On the positive side, you can scale out memory quite a lot, fill up PCI slots, even have memory external to your chassis. Memory tiering has a lot of potential.
On the negative side, you've got latency costs to swallow up. You don't get distance from CPU for free (there's a reason the memory on your motherboard is as close as practical to the CPU)
https://www.nextplatform.com/2022/12/05/just-how-bad-is-cxl-.... CXL spec for 2.0 is at about 200ns of latency added to all calls to what is stored in memory, so when using it you've got to think carefully about how you approach using it, or you'll cripple yourself.
There's been work on the OS side around data locality, but CXL stuff hasn't been widely available, so there's an element of "Well, we'll have to see".
Yup, for best results you wouldn't just dump your existing pointer-chasing and linked-list data structures to CXL (like the Optane's transparent mode was, whatever it was called).
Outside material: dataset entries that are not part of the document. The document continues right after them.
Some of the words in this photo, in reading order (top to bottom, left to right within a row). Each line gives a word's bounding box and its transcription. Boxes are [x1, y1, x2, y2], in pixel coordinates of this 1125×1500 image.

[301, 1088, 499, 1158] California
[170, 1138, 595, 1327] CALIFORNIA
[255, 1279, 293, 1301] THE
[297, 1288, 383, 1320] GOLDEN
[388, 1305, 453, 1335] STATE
But CXL-backed memory can use your CPU caches as usual and the PCIe 5.0 lane throughput is still good, assuming that the CXL controller/DRAM side doesn't become a bottleneck. So you could design your engines and data structures to account for these tradeoffs. Like fetching/scanning columnar data structures, prefetching to hide latency etc. You probably don't want to have global shared locks and frequent atomic operations on CXL-backed shared memory (once that becomes possible in theory with CXL3.0).
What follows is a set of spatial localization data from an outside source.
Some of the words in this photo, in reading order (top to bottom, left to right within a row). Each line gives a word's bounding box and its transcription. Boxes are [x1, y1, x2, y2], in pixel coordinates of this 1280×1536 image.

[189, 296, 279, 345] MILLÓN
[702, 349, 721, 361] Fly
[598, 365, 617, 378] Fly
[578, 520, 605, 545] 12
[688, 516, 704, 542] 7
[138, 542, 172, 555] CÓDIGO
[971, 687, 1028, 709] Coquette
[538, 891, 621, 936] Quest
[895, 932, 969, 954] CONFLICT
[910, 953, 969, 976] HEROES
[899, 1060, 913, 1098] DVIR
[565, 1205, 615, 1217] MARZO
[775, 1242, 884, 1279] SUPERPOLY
Edit: I'll plug my own article here - if you've wondered whether there were actual large-scale commercial products that used Intel's Optane as intended then Oracle database took good advantage of it (both the Exadata and plain database engines). One use was to have low latency durable (local) commits on Optane:
VMware supports it as well, but using it as a simpler layer for tiered memory.
GordonS · 1h ago
Huh, 200ns is less than I imagined; even if it is still almost 100x slower than regular RAM, it's still around 100x faster than NVMe storage.
Dylan16807 · 57m ago
Regular RAM is 50-100ns.
jauntywundrkind · 1h ago
Most cross-socket traffic is >100ns.
mdaniel · 2h ago
> Buy From One of the Regions Below
> Egypt
:-/
But, because I'm a good sport, I actually chased a couple of those links figuring that I could convert Egyptian Pound into USD but <https://www.sigma-computer.com/en/search?q=CXL%20R5X4> is "No results", and similar for the other ones that I could get to even load
tanelpoder · 1h ago
Yeah I saw the same. I've been keeping an eye on the CXL world for ~5 years and so far it's 99% announcements, unveilings and great predictions. But the only CXL cards a consumer/small business can buy are some experimental-ish 64GB/128GB cards that you can actually buy today. Haven't seen any of my larger clients use it either. Both Intel Optane and DSSD storage efforts got discontinued after years of fanfare, from technical point of view, I hope that the same doesn't happen to CXL.
sheepscreek · 1h ago
That is pretty hilarious. I wonder what’s the reason behind this. Maybe they wanted plausible deniability in case someone tried to buy it (“oh the phone lines were down, you’ll have to go there to buy one”).
JonChesterfield · 23m ago
I don't get it. The point of (ddrN) memory is latency. If its on the far side of pcie latency is much worse than the system memory. In what sense is this better than ssd on the far side of pcie?
wmf · 13m ago
It's only ~2x worse latency than main memory but 100x lower than SSD.
jonhohle · 1h ago
Why did something like this take so long to exist? I’ve always wanted swap or tmpfs available on old RAM I have lying around.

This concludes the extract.